We're running dovecot on Fedora Core 5 (FC5), with passwd map details supplied by NIS. We have found that "nscd" sometimes thinks that a username is invalid, even though it is valid. So when "deliver" attempts a delivery to the INBOX of that username, it receives "user unknown" from the name service, and then does a 5xx permanent failure of valid email.
From the user perspective "The System" has incorrectly rejected perfectly valid incoming email. It is rare, but it does occasionally happen on large, busy systems.
Clearly it is fundamentally an "nscd" bug. But that bug is nevertheless out there, in the wild, on such systems, potentially affecting dovecot's delivery of valid user email.
We have had a source code hack since October (in "deliver.c", simply replacing a "return ret" occurence with "return EX_TEMPFAIL") and it has worked nicely (ported forward from rc8 towards rc22). Mail re-queues and a later delivery attempt then succeeds.
So it would be both helpful, and good for resilience against such real OS/nscd bugs (and similar), if there were a configuration option in dovecot to allow a site admin to tell deliver to use a temporary, 4xx, failure instead (if the circumstances were appropriate for the site).

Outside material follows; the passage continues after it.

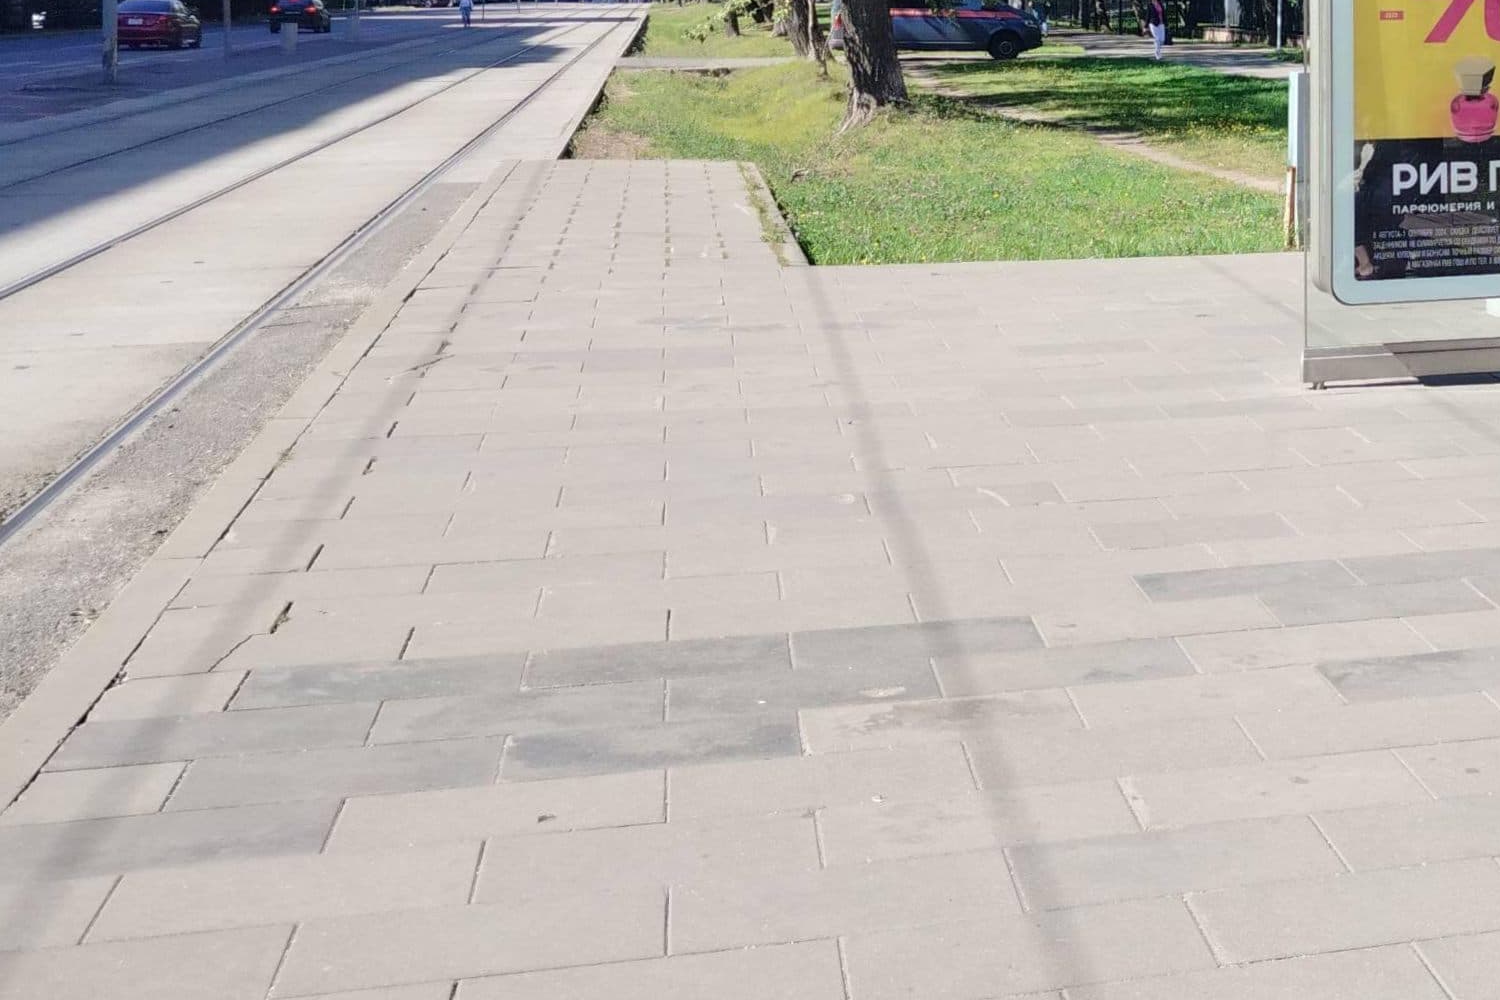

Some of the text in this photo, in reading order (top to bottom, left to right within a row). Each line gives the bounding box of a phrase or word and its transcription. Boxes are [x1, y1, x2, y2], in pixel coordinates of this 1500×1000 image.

Could this be considered please, Timo?
I wrote the nscd that's used on Solaris back in 1995. If the Fedora release's nscd is just bungling the lookup, no work-around is possible and you need to disable at least the passwd cache in the nscd if that's possible. On the other hand, are you sure this isn't a intermittent NIS server issue?
The problem about what a program should do if the name service isn't actually responding on the other hand, is tricky, whether that program is the nscd or postfix or dovecot. The right answer depends on the consequences of failure and what info you can get back from the name service.
Obviously, if getpwnam_r() could be convinced to return EAGAIN if one of the name services was not responding, this would be a GOOD THING, since this would map directly to a TEMPFAIL. However, there are other system services that fail miserably when the user's account into isn't available, so for those hanging until the NIS server recovers is a better choice.
[The hard thing about distributed systems is always failure semantics.]
Absent tunable nscd failure semantics, I suggest that the following may be useful alternatives for intermittent NIS server problems:
construct a redundant NIS architecture with additional slave NIS servers that fail over... this is what we use internally at Sun w/ varying degrees of success.
ypcat the passwd map periodically and map it into a local passwd file. Some scripts smarts are required to avoid hideous problems if you get a truncated passwd map... this is quite robust if done correctly. I'm one of the odd folks who has their mail delivered to their desktop; I keep a copy of my passwd entry in the local machine so I don't lose mail if the NIS server craps out again.
- Bart